Mr Whybrow also expressed concerns that it was “wholly inappropriate” for Mr Drumgold in his press release after the mistrial in which he “expressed an opinion regarding the prospects of a conviction of Mr Lehrmann.”

“That expression of opinion only served to further demonise Mr Lehrmann, in the eyes of some members of the community, in circumstances where he would now be denied the possibility of being acquitted.”

Mr Whybrow thought there should never have been an order for a retrial.

“Furthermore, I was of the view it would be inappropriate for Mr Drumgold SC to make any decision going forward as to the continuation of the prosecution having regard to the concerns I have already raised in this statement as to his conduct up to and including discharge of the jury.”

On 1 December 2022 Mr Whybrow received an email from Mr Drumgold asking him to attend a meeting in the chambers of the Chief Justice, where the DPP announced that he had “recently received medical reports from two psychologists/psychiatrists”.

Mr Whybrow notes he was not given access to the reports.

Mr Drumgold then said: “I plan to make a public announcement tomorrow morning.”

Whybrow asked: “Can you let me know what you are going to say?”

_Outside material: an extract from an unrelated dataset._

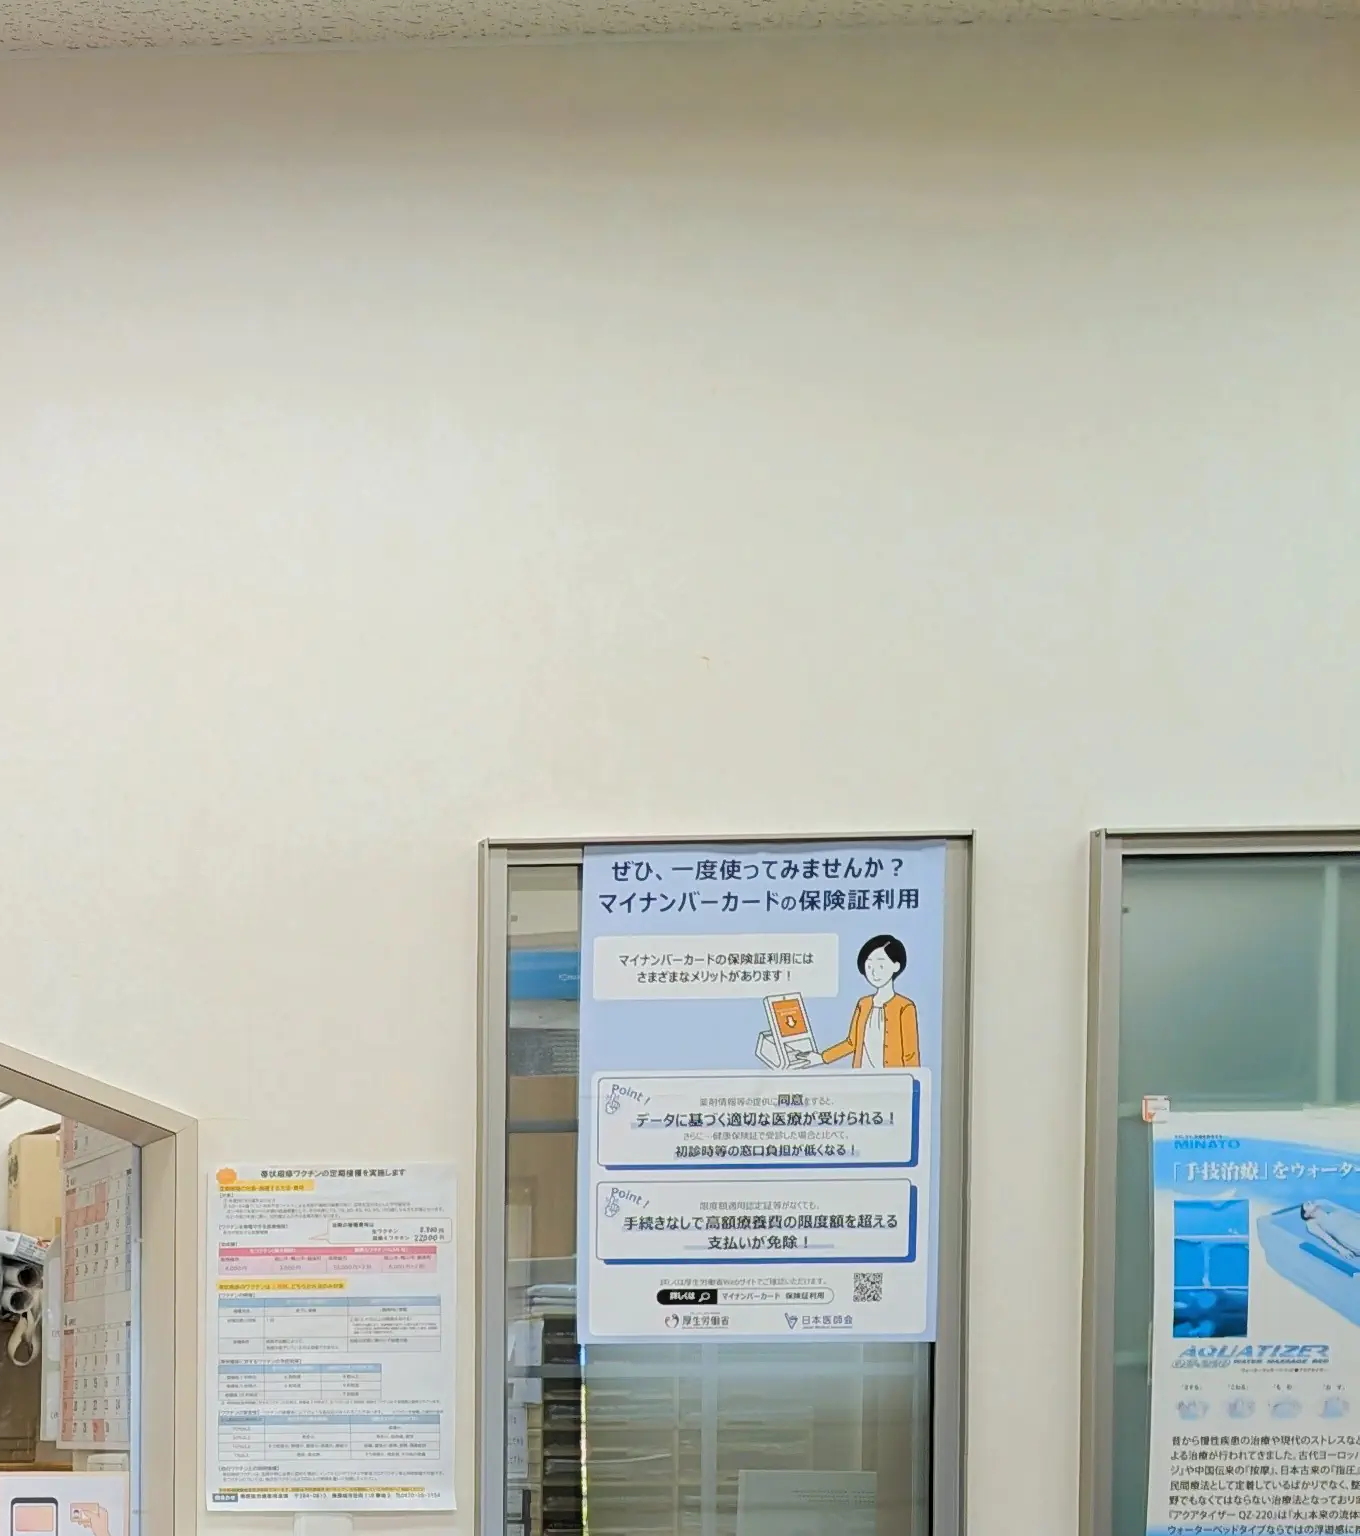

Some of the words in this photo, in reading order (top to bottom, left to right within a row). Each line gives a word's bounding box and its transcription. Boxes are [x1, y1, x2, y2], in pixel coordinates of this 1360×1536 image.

However, Chief Justice McCallum expressed the view that “what the Director might say was really not my concern and I replied that I disagreed with her Honour.”

Mr Drumgold said he wanted the news to be completely embargoed until he announced it the following day.

Mr Whybrow says he recalls “being somewhat cynical about the timing of the proposed announcement” given that, at that time, Mr Lehrmann had filed a particular application to the court, the nature of which remains suppressed.

The Australian has previously revealed that in a draft submission prepared for that application by Sydney barrister Arthur Moses SC, Mr Drumgold was alleged to have been “complicit” in a bid by Ms Higgins to prejudice the case against Mr Lehrmann.

The draft submission, dated December 1, was to have been filed the following day but did not proceed given the DPP’s shock decision that he was dropping charges against Mr Lehrmann.

The Australian has been told that Mr Drumgold would have been aware of the central claims against him in the days leading up to his decision not to retry Mr Lehrmann.

That evening, Mr Whybrow was out to an early dinner and at about 8pm was alerted to a story on news.com.au by Samantha Maiden “which revealed the exact matters Mr Drumgold SC had requested not be disclosed due to concerns over Ms Higgins’ safety”.

Mr Whybrow says he was furious. He immediately texted Mr Drumgold, asking whether the source was Ms Higgins’ boyfriend, David Sharaz.

Mr Drumgold replied “It must be! It could not have come from anyone else.”

Mr Whybrow told Mr Drumgold in the same text exchange: “I think he is the person who threatened me but I’m not making that accusation,” to which Mr Drumgold replies: “I truly do not know what to say.”

Mr Whybrow concludes that he is concerned that Mr Drumgold breached his obligation to only commence and continue a prosecution where there are reasonable grounds for obtaining a conviction; his duty of impartiality; his duty of disclosure; his duty to mitigate adverse publicity; and his duty to ensure a fair trial.

Mr Whybrow says he found other staff at the Office of the Director of Public Prosecutions to be responsive and they conducted themselves appropriately.

However, Mr Whybrow was critical of the role played by ACT Victims of Crime Commissioner Heidi Yates.

“Her high profile appearances alongside Ms Higgins whilst entering and leaving Court, and also within the court, by virtue of her statutory office, had, in my view, a real capacity to undermine the presumption of innocence by blurring the clear distinction between a complainant and someone who was already to be considered a victim of crime,” Mr Whybrow said.